CrowdDetectionEvaluator#

class CrowdDetectionEvaluator(groundtruth: Dataset, name: str | None = None, **predictions: Dataset)[source]#

Bases: DetectionEvaluatorBase

Class specialization for crowd detection and counting tasks. Note that the constructor is the same as the base Evaluator

See also

related tutorial

Constructor of the Evaluator object.

Parameters:
  • groundtruth – Dataset object representing the ground truth with annotations, image data and label_map

  • name – Name of Evaluator. If set to None, will be deduced from groundtruth’s dataset name

  • **predictions – keyword arguments for additional datasets to compare the groundtruth to. Its images must match the groundtruth dataset (see add_prediction_dataset method below).

Attributes

name: str | None#

Name of Evaluator. Can be deduced from groundtruth’s dataset name and will be used in export functions like DetectionEvaluator.to_fiftyone()

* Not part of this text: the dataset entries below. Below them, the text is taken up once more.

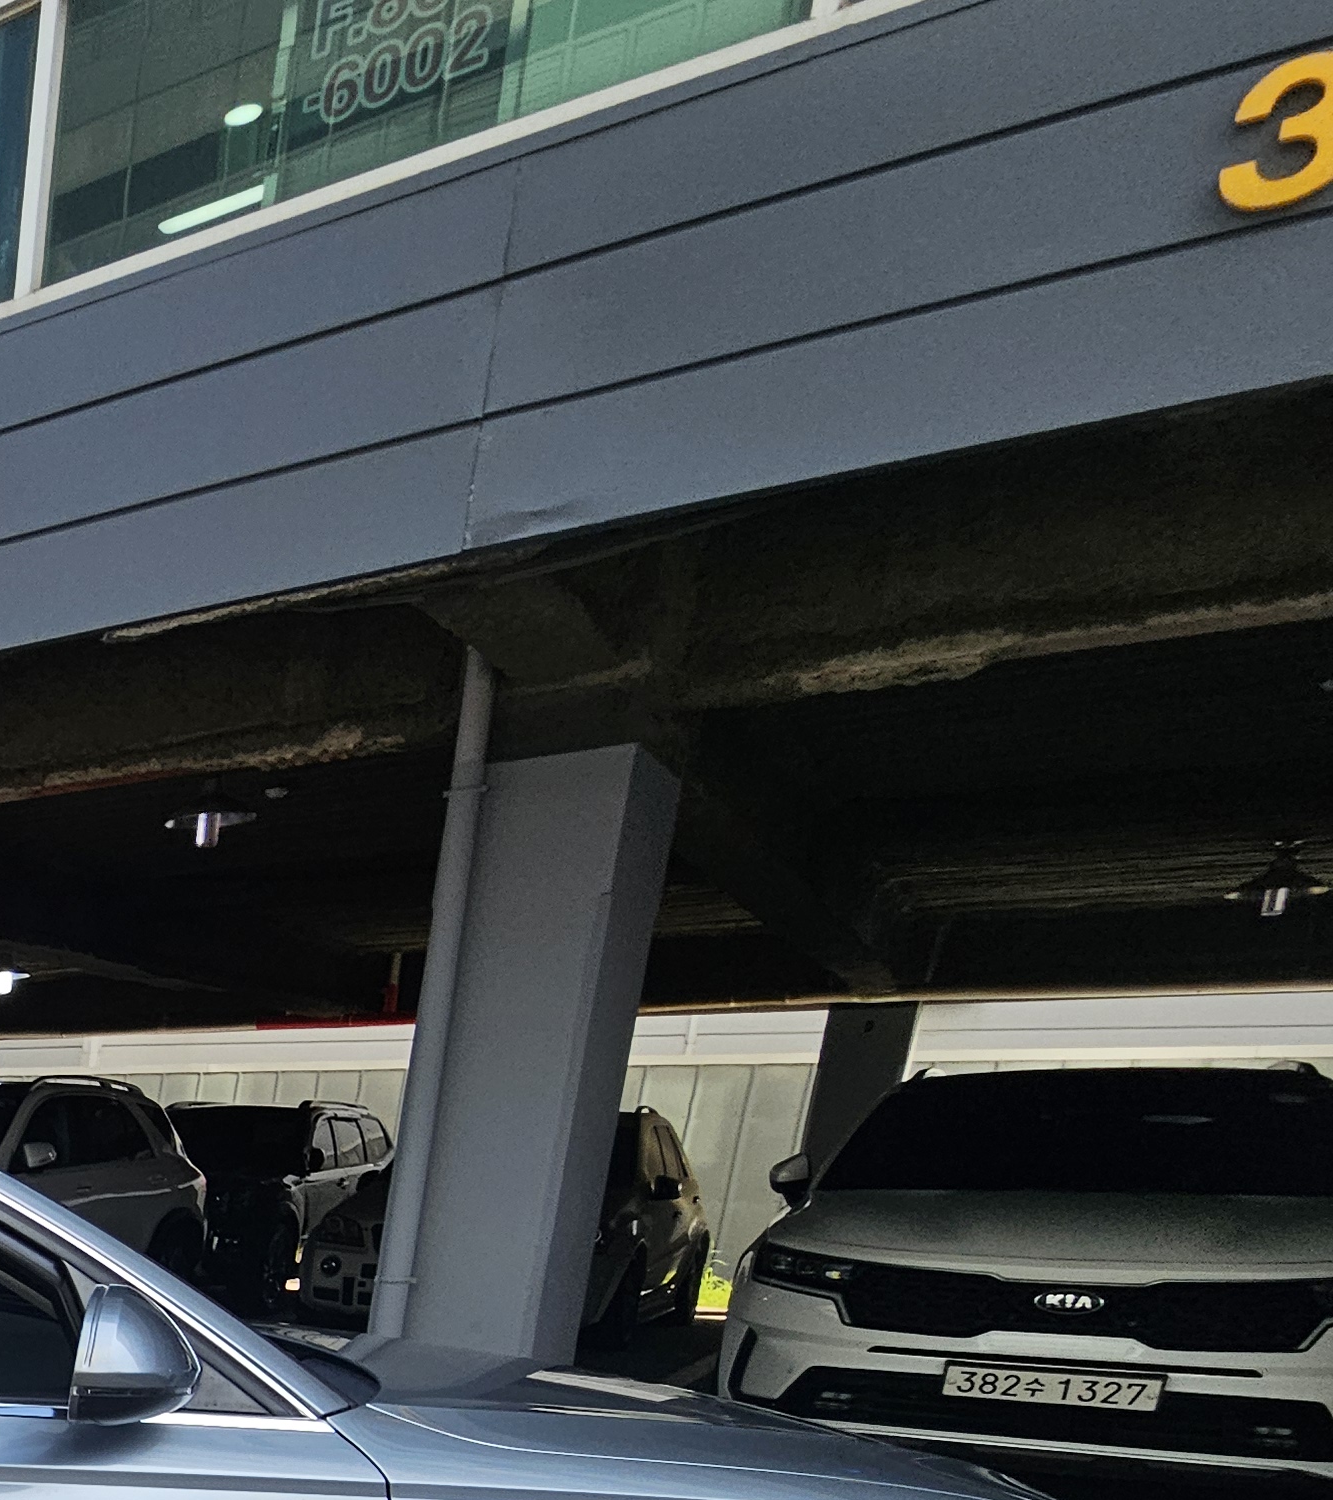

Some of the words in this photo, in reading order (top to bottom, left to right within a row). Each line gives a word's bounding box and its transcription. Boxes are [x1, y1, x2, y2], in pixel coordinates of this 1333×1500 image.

[1218, 50, 1333, 213] 3
[1044, 1292, 1093, 1310] KIA
[956, 1371, 1046, 1398] 382수
[1057, 1378, 1148, 1406] 1327
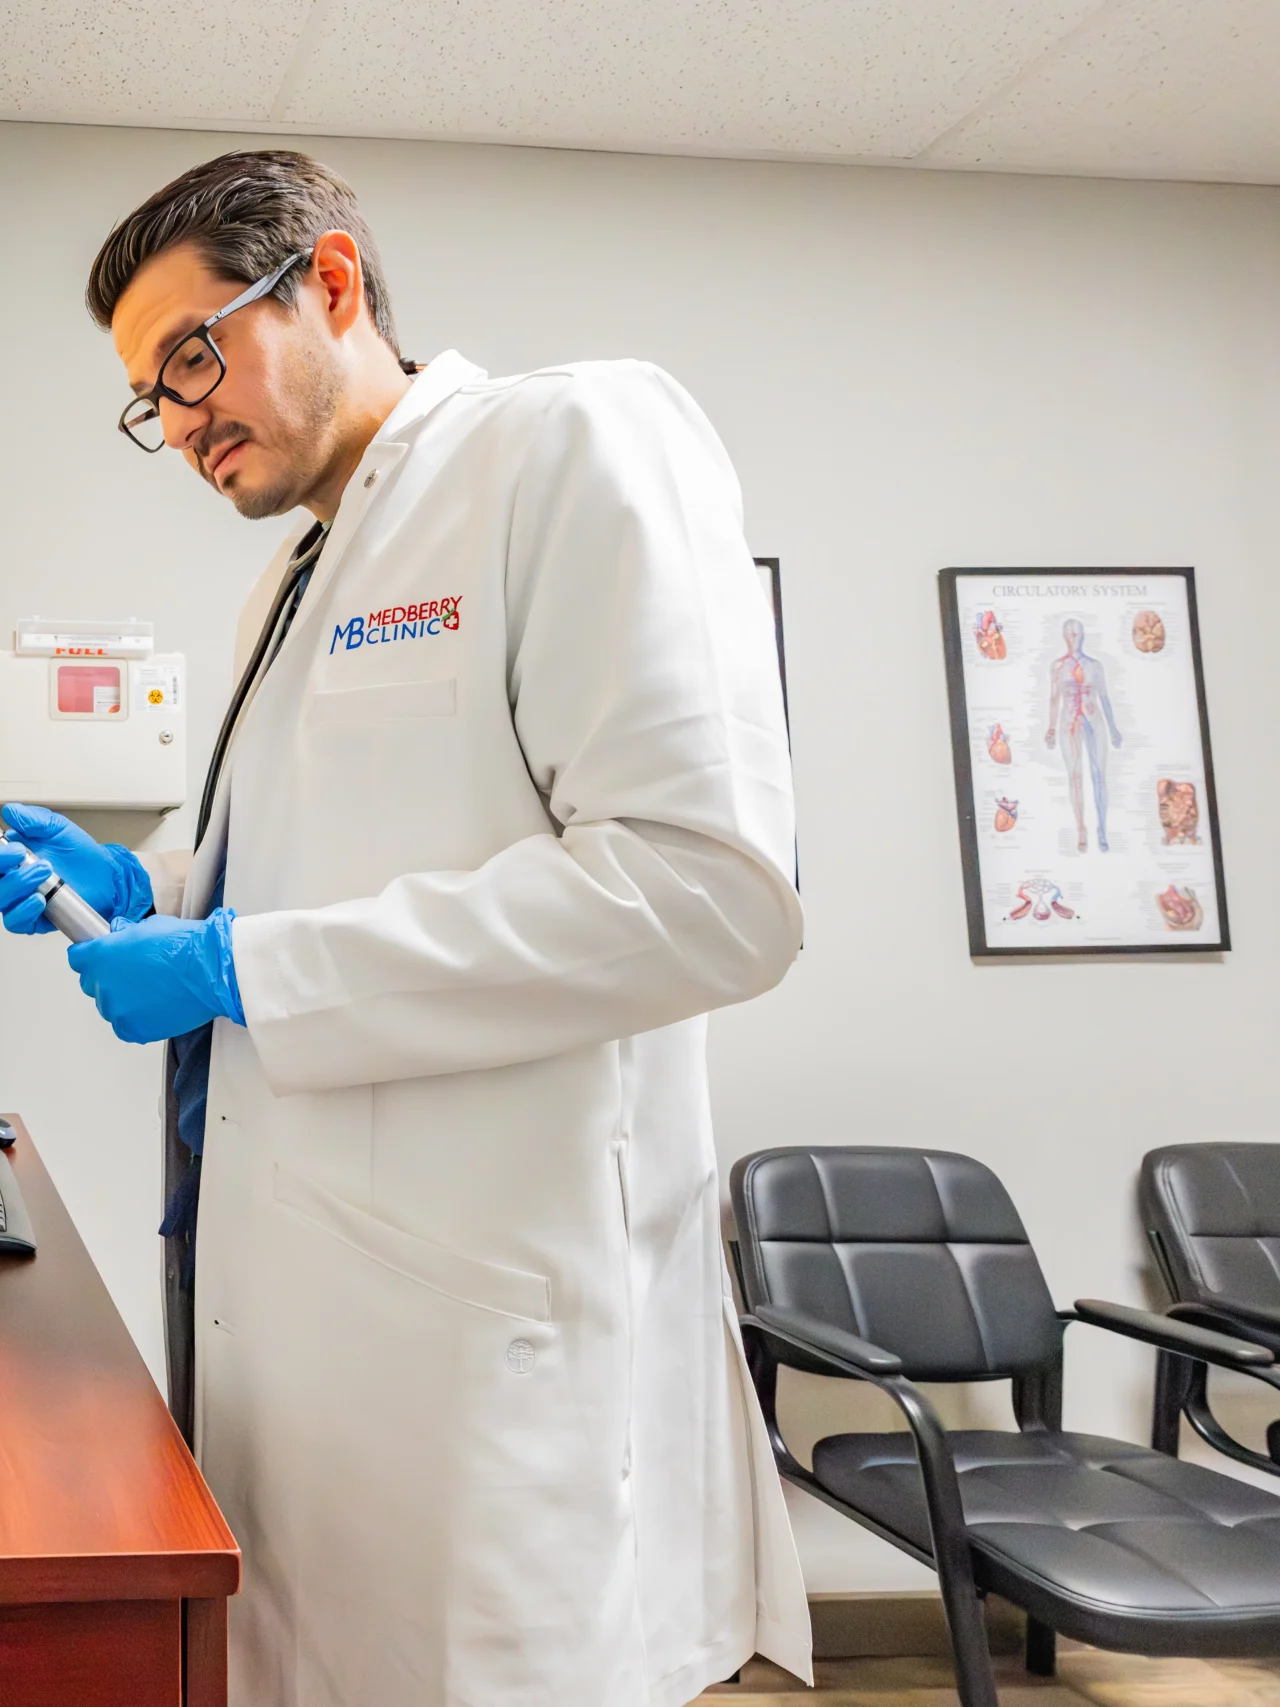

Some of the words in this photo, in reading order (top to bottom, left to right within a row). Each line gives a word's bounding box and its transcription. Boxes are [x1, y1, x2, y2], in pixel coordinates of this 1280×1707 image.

groundtruth: pd.DataFrame#

DataFrame comprising annotation data. Must have at least image_id column

predictions_dictionary: dict[str, pd.DataFrame]#

dictionary of DataFrames comprising prediction data. Must have at least image_id and confidence columns

images: pd.DataFrame#

DataFrame comprising image data. This dataframe should be referred to by both gt and predictions with the image_id column

images_root: Path#

Root folder where to grab images. Image filepath will be concatenation of images_root and their relative path

label_map: dict[int, str]#

Mapping from category_id to category_str. If used, is generally taken from the groundtruth Dataset. The prediction must be compatible with it

Methods

add_predictions(predictions_name, predictions)

Method to add predictions to the Evaluator from a dataframe.

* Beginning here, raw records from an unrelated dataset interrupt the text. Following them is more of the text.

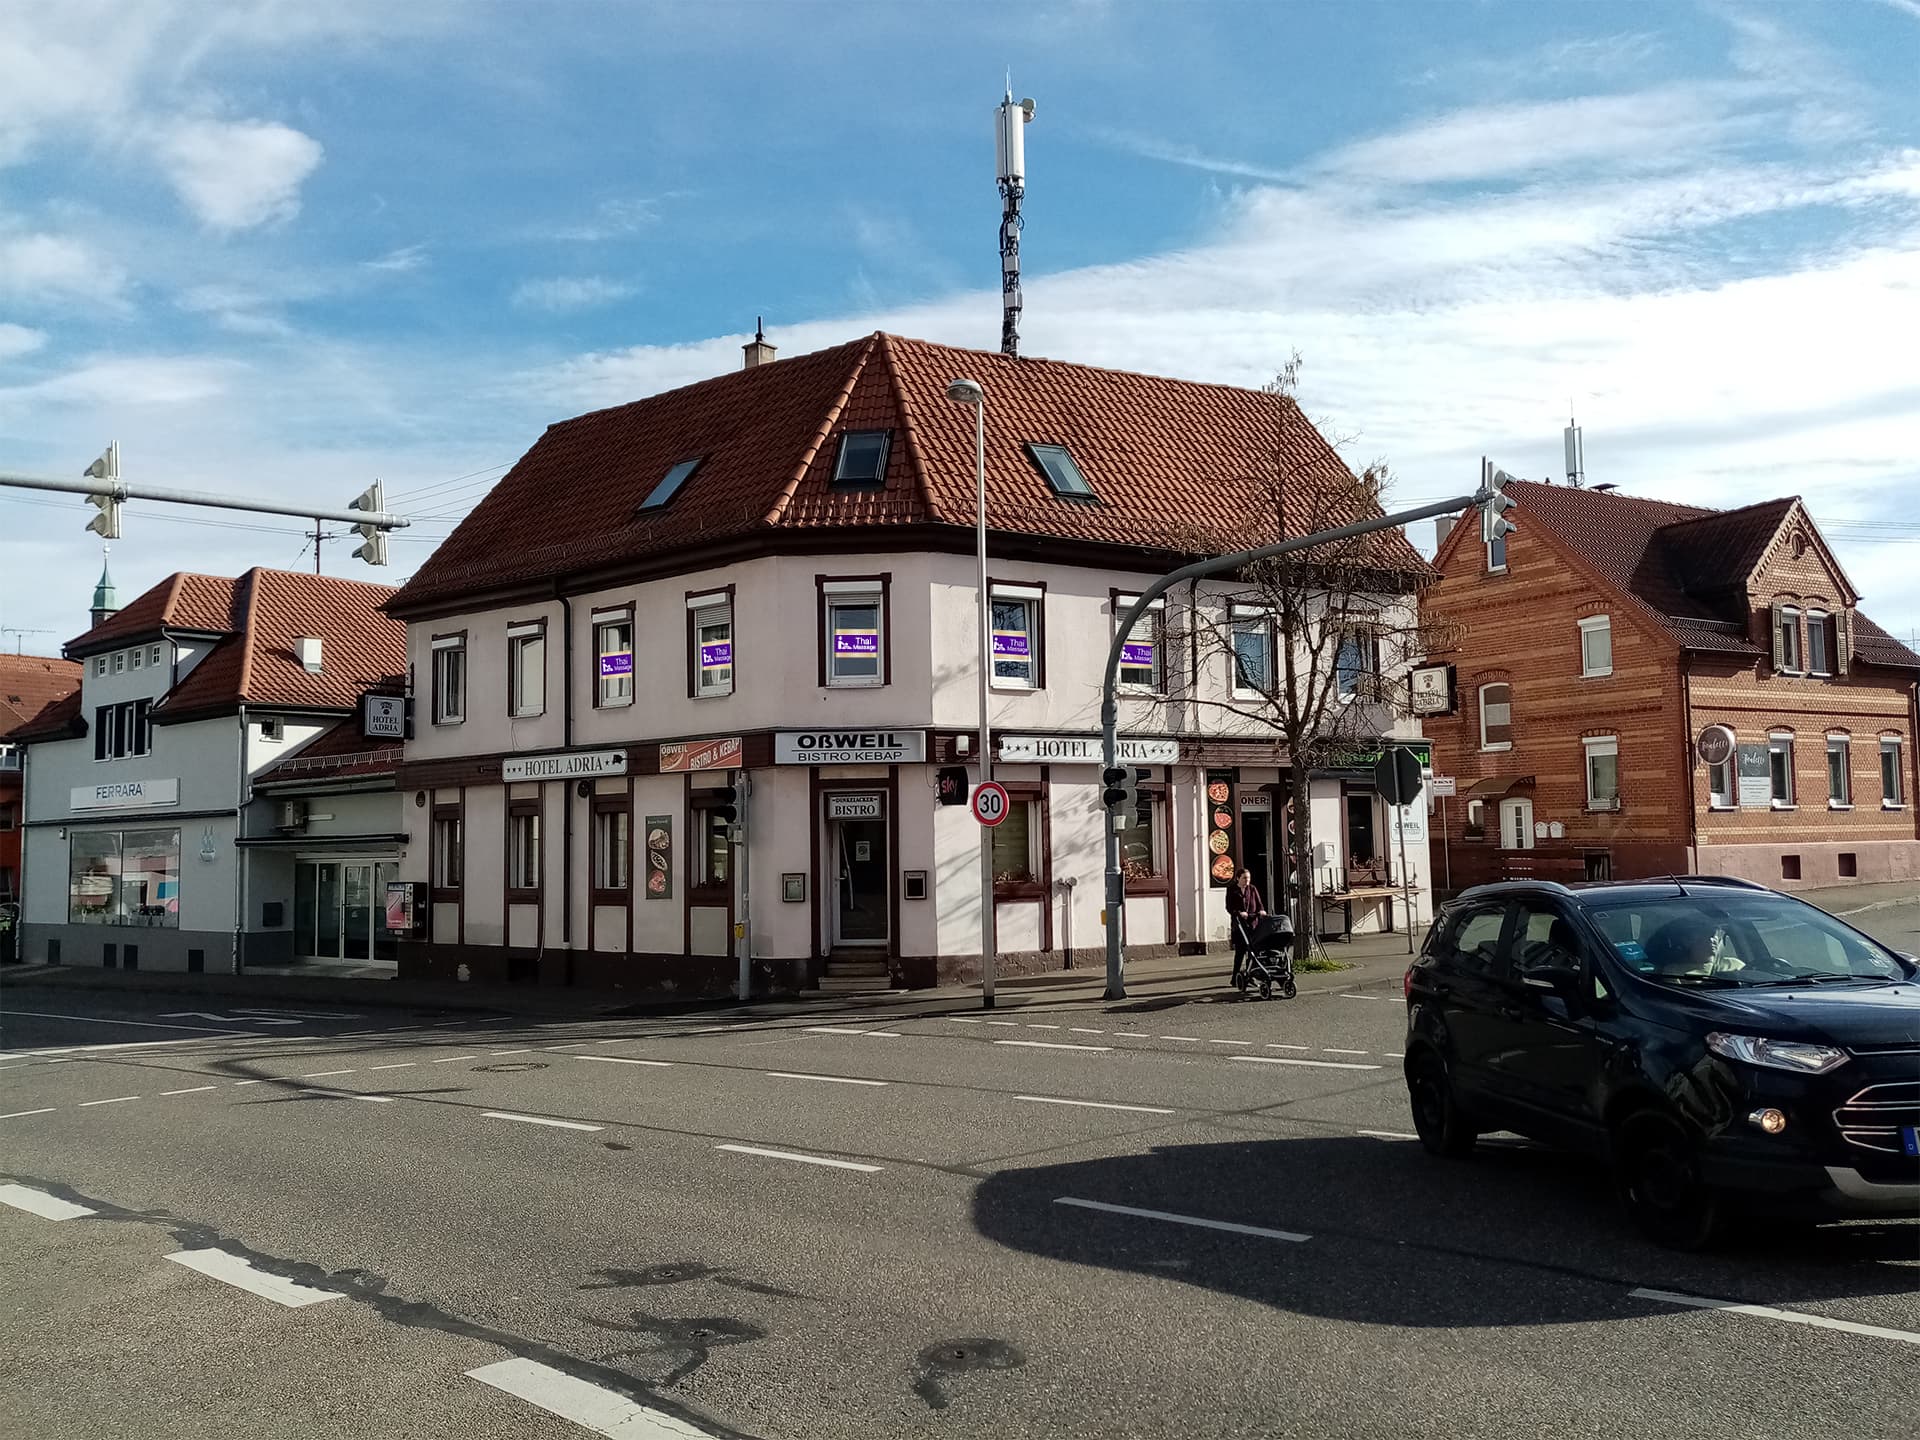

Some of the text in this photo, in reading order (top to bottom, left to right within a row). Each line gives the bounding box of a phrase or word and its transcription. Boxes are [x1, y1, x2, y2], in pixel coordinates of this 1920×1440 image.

[855, 637, 872, 645] Thai
[1010, 639, 1025, 648] Thai
[715, 646, 728, 656] Thai
[615, 656, 629, 665] Thai
[373, 716, 397, 724] HOTEL
[373, 724, 398, 732] ADRIA
[1035, 740, 1092, 757] HOTEL
[690, 750, 713, 770] BISTRO
[797, 751, 903, 762] BISTRO KEBAP
[525, 755, 603, 777] HOTEL ADRIA
[96, 783, 144, 800] FERRARA
[941, 775, 959, 799] sky
[979, 793, 1001, 814] 30
[834, 804, 876, 816] BISTRO

add_predictions_dataset(predictions_name, ...)

Method to add predictions to the Evaluator from a Dataset object.

compute_count_error([groups, quantiles, ...])

Compute Count error metrics, both absolute (in number of objects found) and relative (with respect to groundtruth number of objects) with respect to confidence threshold.

compute_normalized_precision_recall()

Compute nAP between detected points and ground truth according to the algorithm proposed in [Ref]

from_parquet(input_dir)

Class method to construct an instance of this class or a subclass.

get_annotations_attributes([predictions_name])

Get the name of columns related to annotations attributes.

get_image_attributes()

Get the name of columns related to image attributes.

to_fiftyone([name, record_fo_ids, existing])

Convert evaluator to fiftyone.

to_parquet(output_dir[, overwrite])

Save the current object to a folder containing parquet files for dataframes inside this object, and a metadata.yaml file for other attributes.